- Text-to-region grounding data:
● ● ●

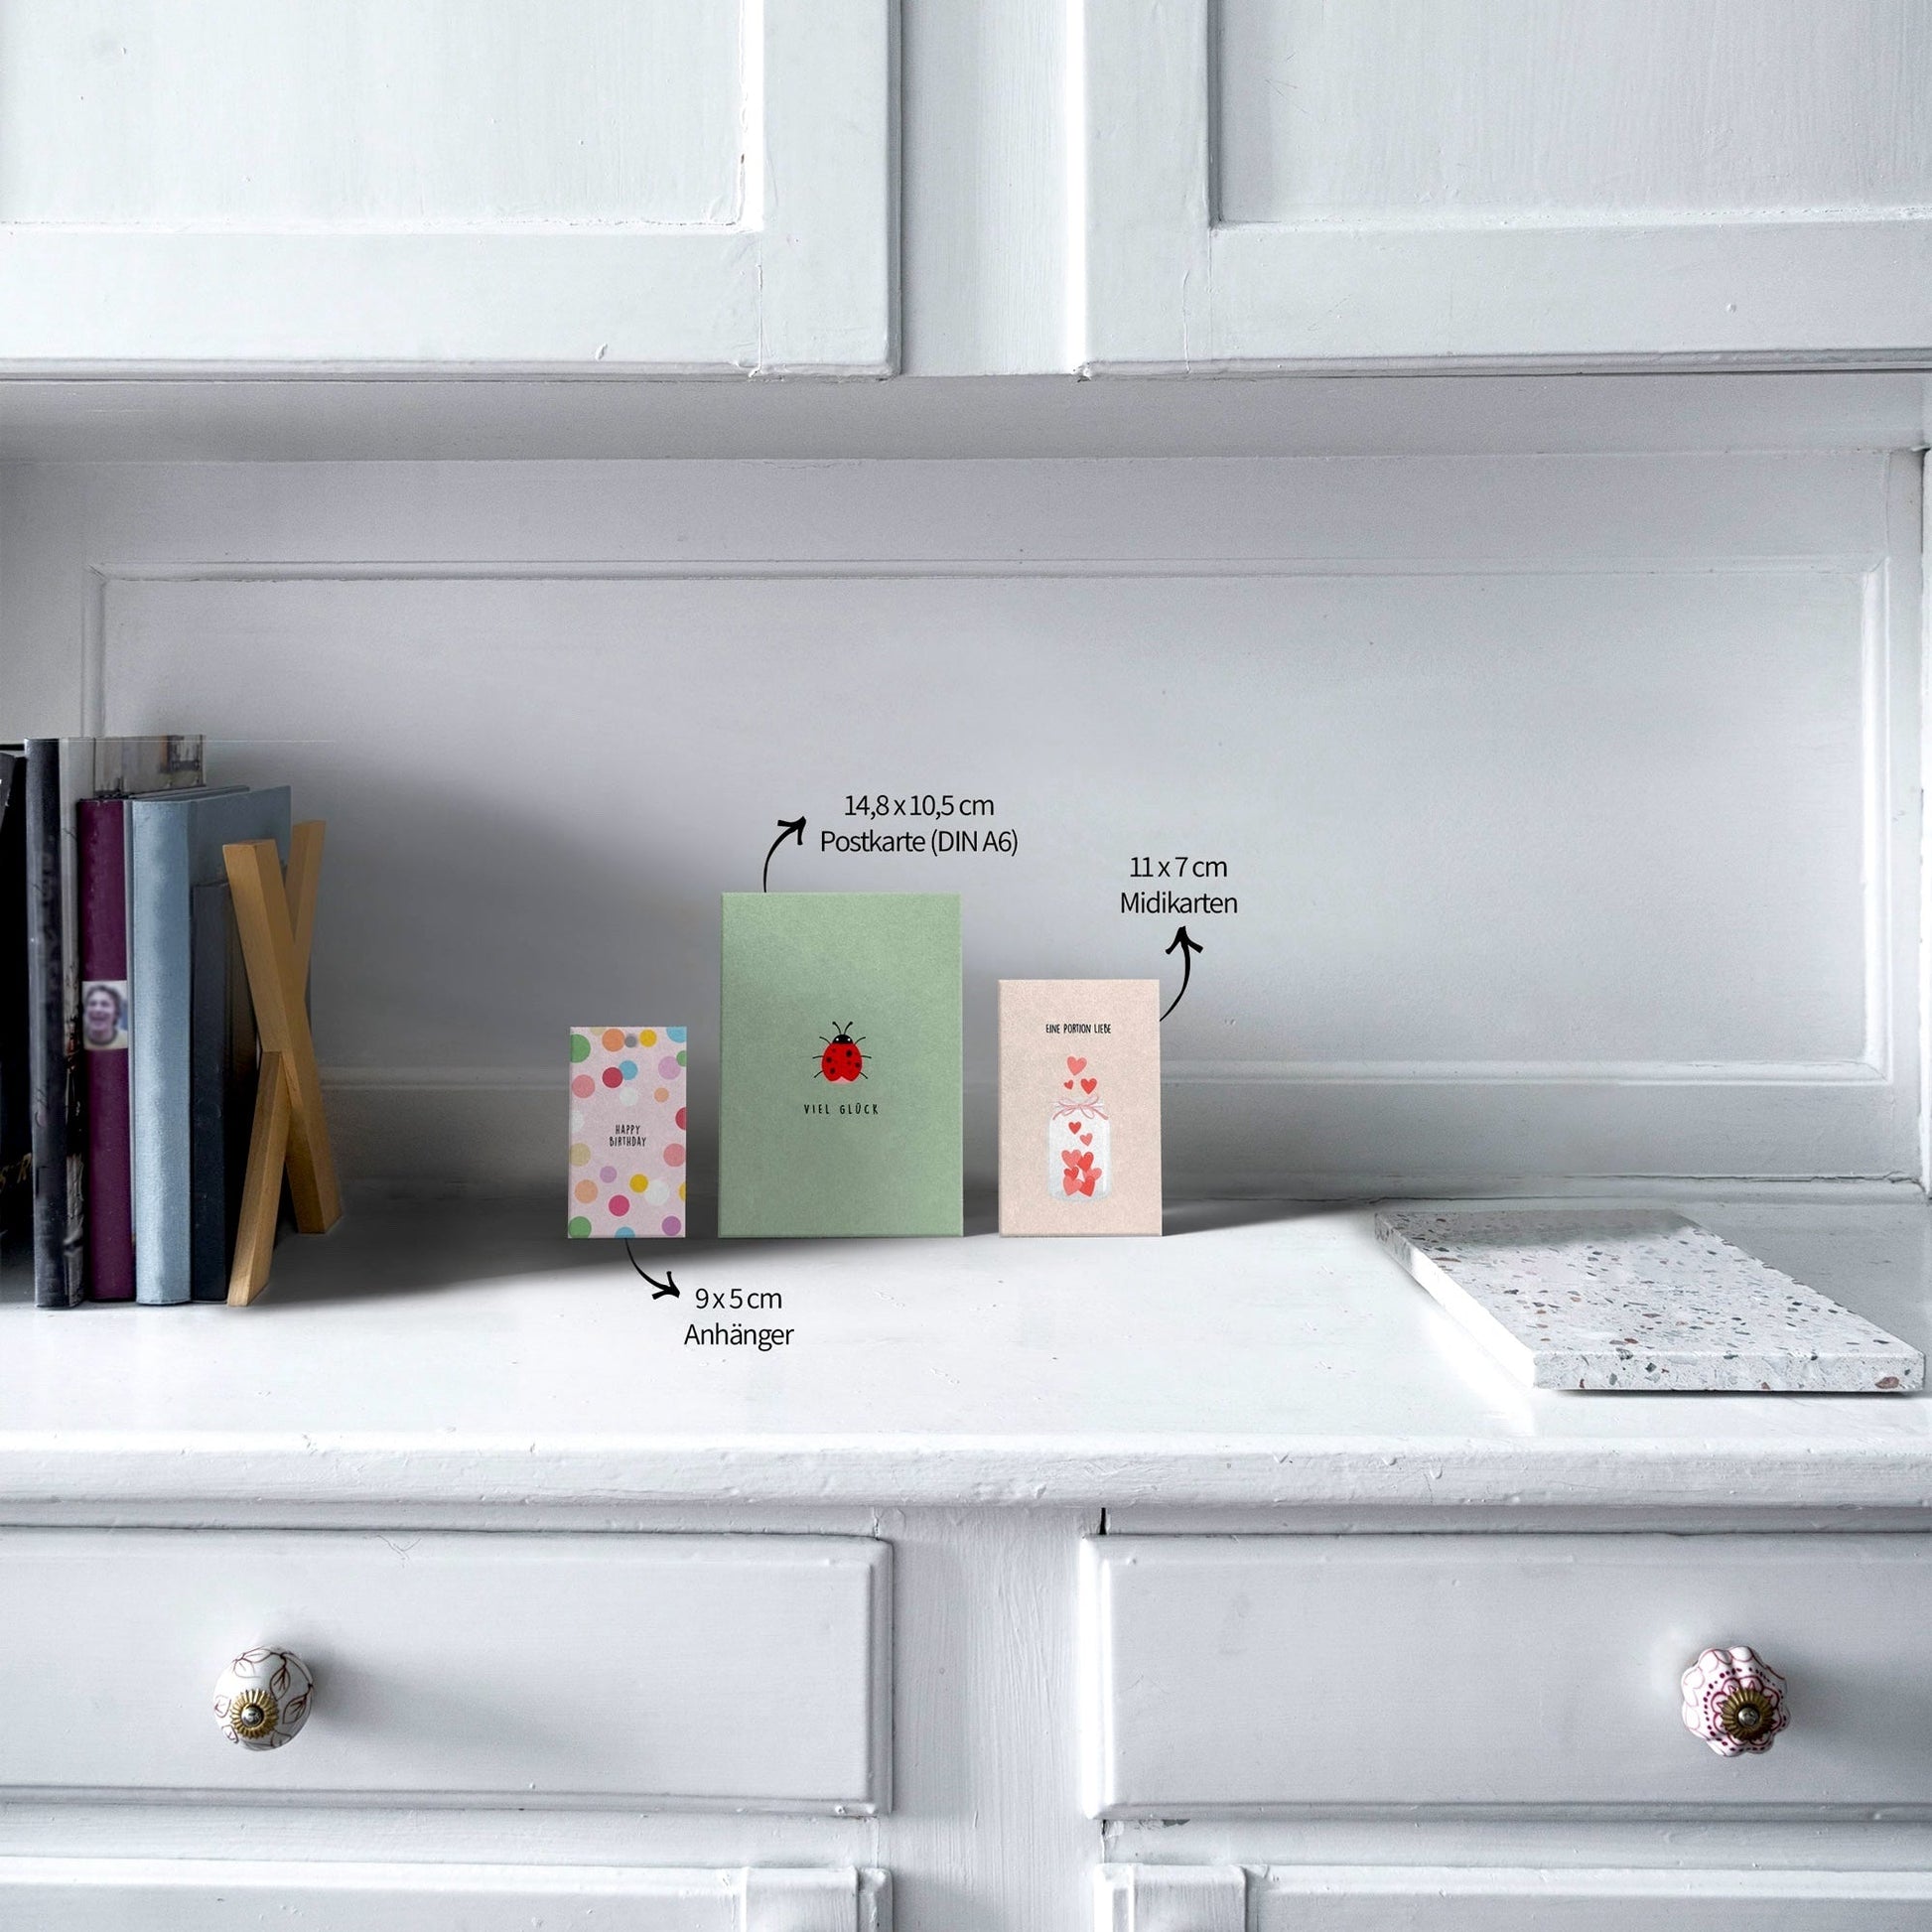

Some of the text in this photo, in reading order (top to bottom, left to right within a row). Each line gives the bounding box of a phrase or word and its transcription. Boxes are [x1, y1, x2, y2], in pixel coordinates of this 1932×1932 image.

[1045, 1023, 1112, 1035] EINE PORTION LIEBE
[803, 1102, 879, 1115] VIEL GLÜCK
[616, 1124, 640, 1135] HAPPY
[609, 1136, 646, 1148] BIRTHDAY
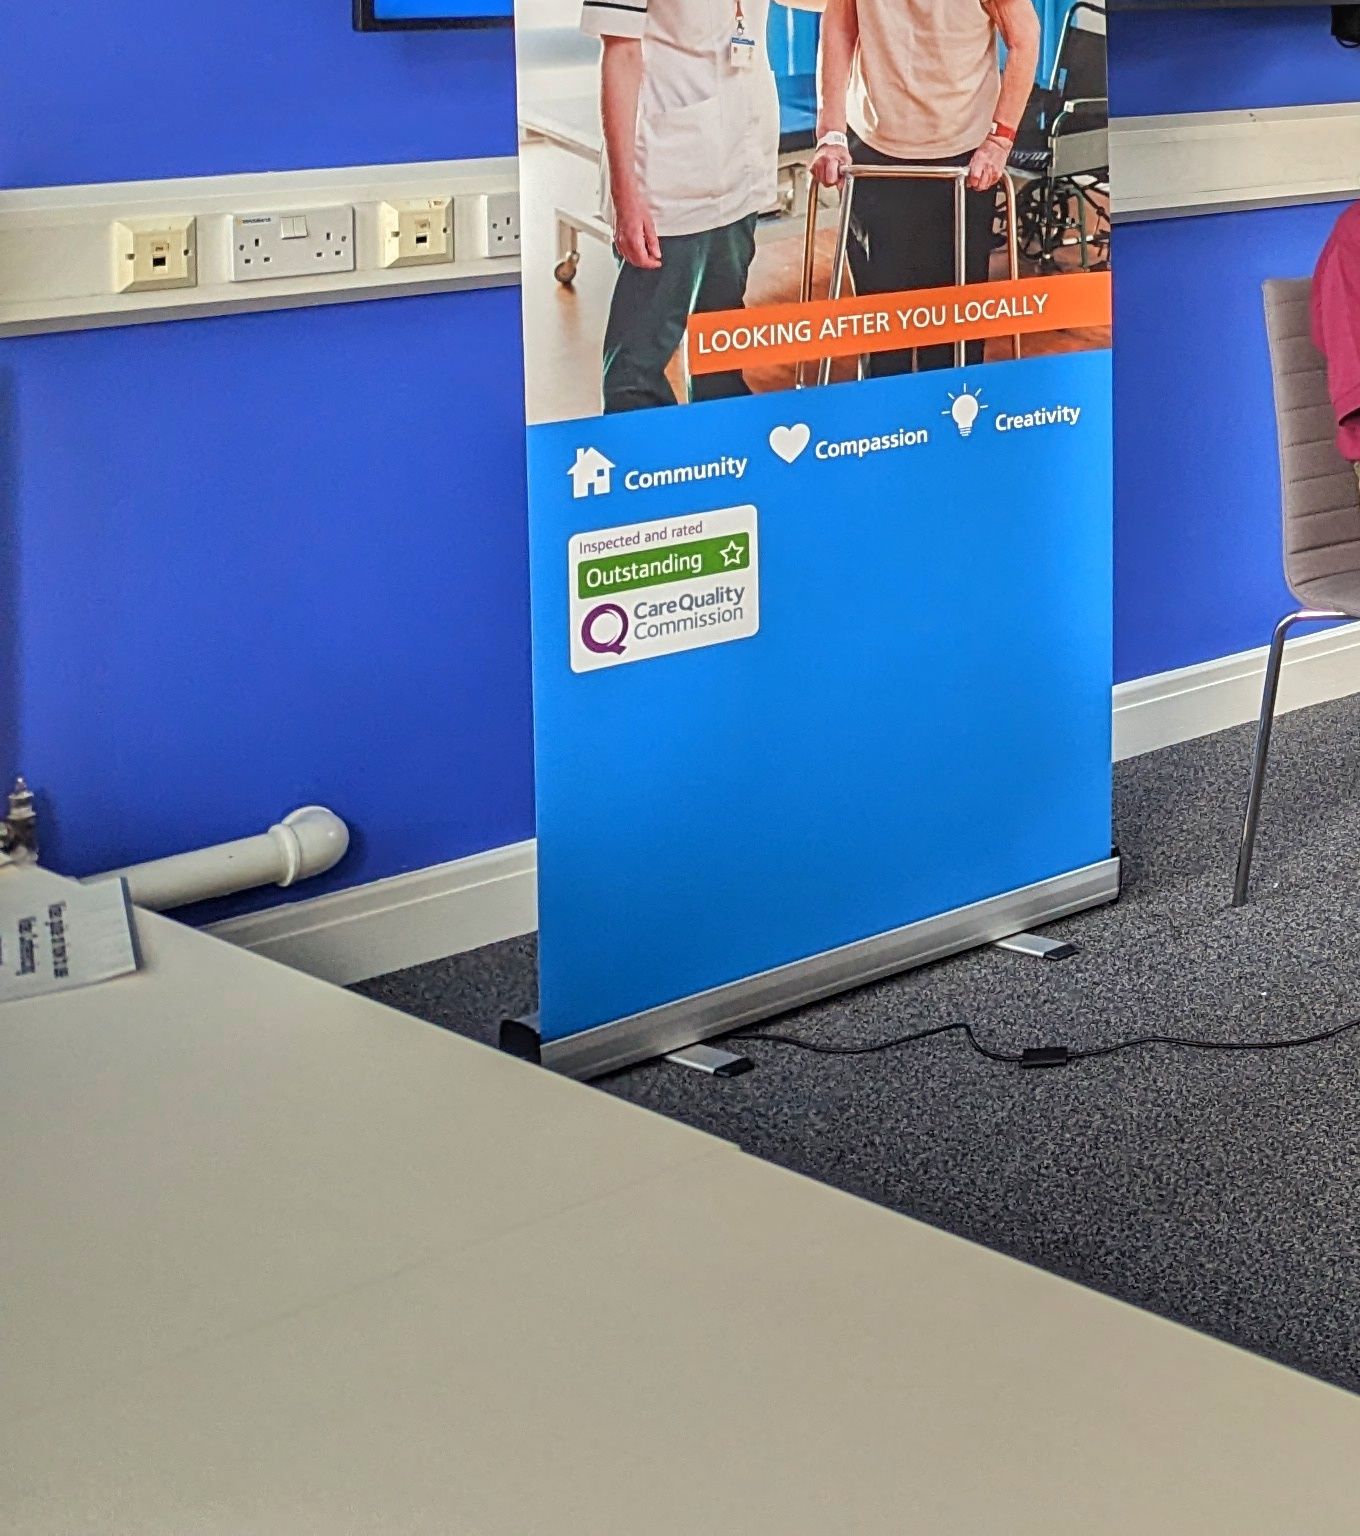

● ● ●

- YOUR ASSIGNMENT: Copy the records above exactly. The pictures are not part of the copy.

- ANSWER AREA:
Some of the text in this photo, in reading order (top to bottom, left to right within a row). Each line gives the bounding box of a phrase or word and its transcription. Boxes are [x1, y1, x2, y2], in pixel coordinates of this 1932×1932 image.

[1045, 1023, 1112, 1035] EINE PORTION LIEBE
[803, 1102, 879, 1115] VIEL GLÜCK
[616, 1124, 640, 1135] HAPPY
[609, 1136, 646, 1148] BIRTHDAY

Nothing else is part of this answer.